The patient undergoing eABR testing is electrically connected to the Eclipse by skin surface electrodes (the same as when a standard ABR test is conducted). To ensure patient safety is maintained during testing, please refer to the Eclipse safety precautions in the ‘Instructions for Use’ guide.
The patient is not electrically connected to the cochlear/auditory brainstem implant system as it transfers the stimuli using wireless RF (radio frequency) communication. Please consult with the implant device operational manual for appropriate stimuli levels

  1. Ensure there is a connection between the Eclipse and the Cochlear Implant System via the trigger cable.
  2. Ensure that the Cochlear Implant System is connected to the patient’s implant.
  3. Start up both the Eclipse EPx5 software and the software provided by the Implant manufacturer (e.g. Custom Sound by Cochlear®).
  4. Ensure that the patient is connected as described in the electrode montage.
  5. Select the protocol (eABR – Trigger Enabled) from the dropdown menu on the test screen.
  6. Select the test ear and the electrode number for testing from the Man. Stim window.
  7. Press the Start button or F2. EPx5 will wait for the implant software to send the trigger signal before recording begins. If this is the first time performing an eABR, it may be ideal to do a trial test to ensure the two systems are communicating with each other as expected before connecting a patient.
  8. Follow the instructions provided by the Implant manufacturer to start sending the trigger signal to the Eclipse.
  9. Collect an adequate number of sweeps to see a clearly defined waveform.

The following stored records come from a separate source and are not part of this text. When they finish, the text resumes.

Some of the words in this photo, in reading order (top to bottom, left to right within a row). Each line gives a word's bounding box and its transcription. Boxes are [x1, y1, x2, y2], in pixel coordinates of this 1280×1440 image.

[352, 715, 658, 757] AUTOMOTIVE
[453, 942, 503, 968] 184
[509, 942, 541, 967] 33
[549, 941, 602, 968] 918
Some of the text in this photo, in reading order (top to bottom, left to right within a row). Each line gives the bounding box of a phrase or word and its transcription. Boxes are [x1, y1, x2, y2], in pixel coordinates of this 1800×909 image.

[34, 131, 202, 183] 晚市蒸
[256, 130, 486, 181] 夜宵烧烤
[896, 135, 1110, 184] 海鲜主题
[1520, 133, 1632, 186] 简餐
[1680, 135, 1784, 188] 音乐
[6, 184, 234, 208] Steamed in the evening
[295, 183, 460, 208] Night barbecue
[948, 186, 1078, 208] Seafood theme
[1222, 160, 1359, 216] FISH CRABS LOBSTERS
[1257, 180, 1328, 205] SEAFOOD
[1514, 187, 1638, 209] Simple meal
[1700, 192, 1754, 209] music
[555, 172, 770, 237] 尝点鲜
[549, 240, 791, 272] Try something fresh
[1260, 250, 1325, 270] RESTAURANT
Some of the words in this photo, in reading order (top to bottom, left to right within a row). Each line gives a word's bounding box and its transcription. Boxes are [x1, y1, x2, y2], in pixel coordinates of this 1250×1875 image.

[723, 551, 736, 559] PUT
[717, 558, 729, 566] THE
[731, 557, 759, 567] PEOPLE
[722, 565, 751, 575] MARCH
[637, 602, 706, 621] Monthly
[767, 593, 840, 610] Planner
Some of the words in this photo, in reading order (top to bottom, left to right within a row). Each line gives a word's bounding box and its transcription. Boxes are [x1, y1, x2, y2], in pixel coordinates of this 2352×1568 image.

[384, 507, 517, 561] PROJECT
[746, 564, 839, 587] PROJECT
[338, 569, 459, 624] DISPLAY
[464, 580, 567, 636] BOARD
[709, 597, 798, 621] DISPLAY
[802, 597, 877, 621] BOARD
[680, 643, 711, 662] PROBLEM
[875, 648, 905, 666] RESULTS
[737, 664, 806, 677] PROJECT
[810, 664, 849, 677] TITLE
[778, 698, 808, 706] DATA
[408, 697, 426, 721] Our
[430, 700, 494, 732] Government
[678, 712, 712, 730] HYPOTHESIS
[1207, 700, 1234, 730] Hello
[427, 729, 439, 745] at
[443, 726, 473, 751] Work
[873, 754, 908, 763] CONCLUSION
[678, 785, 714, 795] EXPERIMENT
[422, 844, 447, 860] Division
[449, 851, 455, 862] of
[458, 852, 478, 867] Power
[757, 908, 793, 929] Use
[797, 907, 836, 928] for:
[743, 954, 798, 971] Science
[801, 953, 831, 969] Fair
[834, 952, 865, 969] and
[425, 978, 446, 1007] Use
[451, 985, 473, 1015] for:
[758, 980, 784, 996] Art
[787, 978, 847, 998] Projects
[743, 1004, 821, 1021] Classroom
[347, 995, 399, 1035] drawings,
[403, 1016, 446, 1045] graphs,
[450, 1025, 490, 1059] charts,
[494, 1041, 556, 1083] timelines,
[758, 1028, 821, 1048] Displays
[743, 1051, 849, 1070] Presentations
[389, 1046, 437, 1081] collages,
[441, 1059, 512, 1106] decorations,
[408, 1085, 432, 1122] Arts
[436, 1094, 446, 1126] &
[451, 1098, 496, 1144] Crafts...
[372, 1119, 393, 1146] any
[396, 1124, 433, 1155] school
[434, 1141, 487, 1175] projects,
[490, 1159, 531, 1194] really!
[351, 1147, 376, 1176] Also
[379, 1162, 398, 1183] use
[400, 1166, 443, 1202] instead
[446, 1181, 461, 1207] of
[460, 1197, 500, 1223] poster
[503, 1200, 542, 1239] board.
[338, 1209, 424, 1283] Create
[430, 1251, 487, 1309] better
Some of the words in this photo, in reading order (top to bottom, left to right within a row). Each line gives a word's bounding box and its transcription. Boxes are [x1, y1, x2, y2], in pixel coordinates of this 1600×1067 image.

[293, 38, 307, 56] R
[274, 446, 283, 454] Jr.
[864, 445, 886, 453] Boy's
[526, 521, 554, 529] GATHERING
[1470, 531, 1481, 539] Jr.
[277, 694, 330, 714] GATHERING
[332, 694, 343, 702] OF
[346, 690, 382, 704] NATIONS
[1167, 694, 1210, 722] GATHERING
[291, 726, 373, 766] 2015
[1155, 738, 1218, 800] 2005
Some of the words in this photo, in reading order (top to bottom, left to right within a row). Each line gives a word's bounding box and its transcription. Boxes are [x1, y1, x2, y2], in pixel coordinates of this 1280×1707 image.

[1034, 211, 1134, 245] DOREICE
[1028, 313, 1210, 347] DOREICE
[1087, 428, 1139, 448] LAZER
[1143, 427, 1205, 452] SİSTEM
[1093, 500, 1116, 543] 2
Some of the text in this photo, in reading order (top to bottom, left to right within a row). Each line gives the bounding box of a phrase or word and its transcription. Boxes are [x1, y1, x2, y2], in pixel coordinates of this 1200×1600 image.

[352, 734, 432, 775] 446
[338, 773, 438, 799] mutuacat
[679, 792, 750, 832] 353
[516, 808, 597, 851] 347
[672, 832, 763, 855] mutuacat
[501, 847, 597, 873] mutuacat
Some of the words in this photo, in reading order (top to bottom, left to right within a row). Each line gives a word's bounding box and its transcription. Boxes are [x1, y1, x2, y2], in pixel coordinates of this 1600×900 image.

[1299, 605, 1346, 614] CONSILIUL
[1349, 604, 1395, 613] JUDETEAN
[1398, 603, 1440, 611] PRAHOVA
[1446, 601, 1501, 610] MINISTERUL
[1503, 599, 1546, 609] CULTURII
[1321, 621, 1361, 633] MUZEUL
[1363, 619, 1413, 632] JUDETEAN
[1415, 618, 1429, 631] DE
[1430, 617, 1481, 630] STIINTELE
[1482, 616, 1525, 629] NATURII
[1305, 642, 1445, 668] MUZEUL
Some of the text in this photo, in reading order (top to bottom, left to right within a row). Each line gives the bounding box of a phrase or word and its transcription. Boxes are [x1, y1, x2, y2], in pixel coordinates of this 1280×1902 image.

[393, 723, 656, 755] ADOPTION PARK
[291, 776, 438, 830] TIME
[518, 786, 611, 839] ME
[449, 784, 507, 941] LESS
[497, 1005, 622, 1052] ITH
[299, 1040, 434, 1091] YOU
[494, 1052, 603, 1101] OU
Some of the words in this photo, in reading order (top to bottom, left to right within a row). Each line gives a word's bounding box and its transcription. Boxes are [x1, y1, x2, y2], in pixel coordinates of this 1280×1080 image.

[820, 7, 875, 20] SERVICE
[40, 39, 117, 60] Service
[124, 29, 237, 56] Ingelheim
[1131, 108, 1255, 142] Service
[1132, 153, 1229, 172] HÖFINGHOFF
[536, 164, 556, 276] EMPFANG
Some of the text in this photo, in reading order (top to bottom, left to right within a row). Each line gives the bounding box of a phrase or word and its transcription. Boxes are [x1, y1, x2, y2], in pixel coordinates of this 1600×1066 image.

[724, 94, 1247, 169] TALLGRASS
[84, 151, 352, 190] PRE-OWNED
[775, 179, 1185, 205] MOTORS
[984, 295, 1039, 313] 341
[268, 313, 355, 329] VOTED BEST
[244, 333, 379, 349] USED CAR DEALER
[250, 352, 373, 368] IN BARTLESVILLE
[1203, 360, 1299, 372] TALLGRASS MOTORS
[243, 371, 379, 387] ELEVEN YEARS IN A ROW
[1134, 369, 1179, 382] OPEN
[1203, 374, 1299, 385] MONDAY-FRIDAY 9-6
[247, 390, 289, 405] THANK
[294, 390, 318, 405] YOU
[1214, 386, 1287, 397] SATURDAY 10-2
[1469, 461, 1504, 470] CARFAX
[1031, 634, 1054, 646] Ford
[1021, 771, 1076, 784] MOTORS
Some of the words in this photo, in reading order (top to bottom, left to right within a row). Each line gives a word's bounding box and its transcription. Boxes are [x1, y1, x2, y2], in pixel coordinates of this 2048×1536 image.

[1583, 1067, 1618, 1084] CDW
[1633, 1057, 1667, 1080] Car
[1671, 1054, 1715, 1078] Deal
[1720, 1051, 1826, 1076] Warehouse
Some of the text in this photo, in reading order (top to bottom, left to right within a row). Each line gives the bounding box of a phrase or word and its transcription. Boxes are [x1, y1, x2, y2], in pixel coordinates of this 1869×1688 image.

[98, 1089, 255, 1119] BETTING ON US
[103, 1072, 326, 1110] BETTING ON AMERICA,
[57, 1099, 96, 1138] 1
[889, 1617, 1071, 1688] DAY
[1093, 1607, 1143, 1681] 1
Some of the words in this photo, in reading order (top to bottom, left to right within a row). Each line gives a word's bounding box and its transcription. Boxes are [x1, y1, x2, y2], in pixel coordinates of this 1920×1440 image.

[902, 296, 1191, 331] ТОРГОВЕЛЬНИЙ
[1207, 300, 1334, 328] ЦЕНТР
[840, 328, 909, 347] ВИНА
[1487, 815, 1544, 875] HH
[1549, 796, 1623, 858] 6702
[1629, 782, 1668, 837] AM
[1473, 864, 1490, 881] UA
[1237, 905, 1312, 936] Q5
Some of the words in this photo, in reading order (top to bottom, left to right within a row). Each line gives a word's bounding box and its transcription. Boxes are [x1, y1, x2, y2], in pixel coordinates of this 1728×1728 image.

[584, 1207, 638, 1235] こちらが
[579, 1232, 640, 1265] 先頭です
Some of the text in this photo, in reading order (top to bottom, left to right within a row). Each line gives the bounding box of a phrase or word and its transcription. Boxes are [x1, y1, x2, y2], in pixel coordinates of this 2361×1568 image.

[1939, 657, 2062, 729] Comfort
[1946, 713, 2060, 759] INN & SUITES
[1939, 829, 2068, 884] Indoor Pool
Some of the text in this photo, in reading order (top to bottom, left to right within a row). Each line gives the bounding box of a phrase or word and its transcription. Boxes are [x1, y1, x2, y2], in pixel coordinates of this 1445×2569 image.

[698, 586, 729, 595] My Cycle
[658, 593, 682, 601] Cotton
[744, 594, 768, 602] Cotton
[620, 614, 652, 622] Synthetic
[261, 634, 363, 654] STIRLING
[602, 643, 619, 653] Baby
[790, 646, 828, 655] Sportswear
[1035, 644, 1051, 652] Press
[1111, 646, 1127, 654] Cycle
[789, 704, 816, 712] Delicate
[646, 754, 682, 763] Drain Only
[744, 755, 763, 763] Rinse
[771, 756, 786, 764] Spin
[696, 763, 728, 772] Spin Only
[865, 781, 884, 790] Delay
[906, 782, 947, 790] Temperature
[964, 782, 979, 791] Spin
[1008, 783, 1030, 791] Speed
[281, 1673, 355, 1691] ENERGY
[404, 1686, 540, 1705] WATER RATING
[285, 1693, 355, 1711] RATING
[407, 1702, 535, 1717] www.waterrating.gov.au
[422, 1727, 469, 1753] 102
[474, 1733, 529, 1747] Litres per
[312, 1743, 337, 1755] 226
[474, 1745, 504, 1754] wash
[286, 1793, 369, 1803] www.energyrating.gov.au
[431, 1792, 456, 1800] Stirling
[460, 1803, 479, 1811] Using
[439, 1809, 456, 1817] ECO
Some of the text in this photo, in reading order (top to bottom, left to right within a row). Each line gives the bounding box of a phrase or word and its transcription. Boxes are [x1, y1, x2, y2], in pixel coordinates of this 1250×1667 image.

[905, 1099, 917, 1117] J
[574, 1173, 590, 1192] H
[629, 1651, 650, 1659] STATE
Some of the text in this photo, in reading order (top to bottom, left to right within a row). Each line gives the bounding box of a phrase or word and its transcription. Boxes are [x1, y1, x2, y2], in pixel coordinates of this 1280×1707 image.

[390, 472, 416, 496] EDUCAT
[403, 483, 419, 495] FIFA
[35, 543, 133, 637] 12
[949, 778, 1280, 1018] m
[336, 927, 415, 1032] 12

Marking the waveform peaks

  • Mark the waveform peaks from the Rec or Edit tab. Only completed waveforms can be marked
  • The waveform must be selected (double click on the waveform handle) prior to placing waveform markers

Waveforms can be marked in three different ways:

  • Click on the marker button (e.g. I, II, III, IV, V) and then click on the curve where you want to place the marker
  • Press the marker number (e.g. 1, 2, 3, 4, 5) on the keyboard. Then use the arrow keys, Ctrl + arrow keys or the mouse to move the cursor to the desired position. Press the enter button or left click with the mouse to place the marker. Using the Ctrl + arrow keys will move the cursor from peak to peak
  • Right click on the waveform to select and place markers

The corresponding ms and μV values will be displayed in the boxes next to the Waveform Markers. Interlatency values will also be calculated after the relevant markers have been placed.

The eABR response is well documented and is said to be represented by two distinct peaks III occurring at approximately 2ms and V occurring at approximately 4ms.


eABR results

Analysis of eABR waveforms and placement of waveform markers should be conducted by a suitably qualified audiologist or other medical professional trained in cochlear or auditory brainstem implant eABR techniques. The following displays some of the common responses seen when recording an eABR.

The top 4 curves are the recordings from the CI electrode number 11 starting from a high/comfortable loudness level and decreasing until not heard. Note the PAM responses around 8–10ms. The PAM muscle should not be confused with the earlier ABR wave V responses.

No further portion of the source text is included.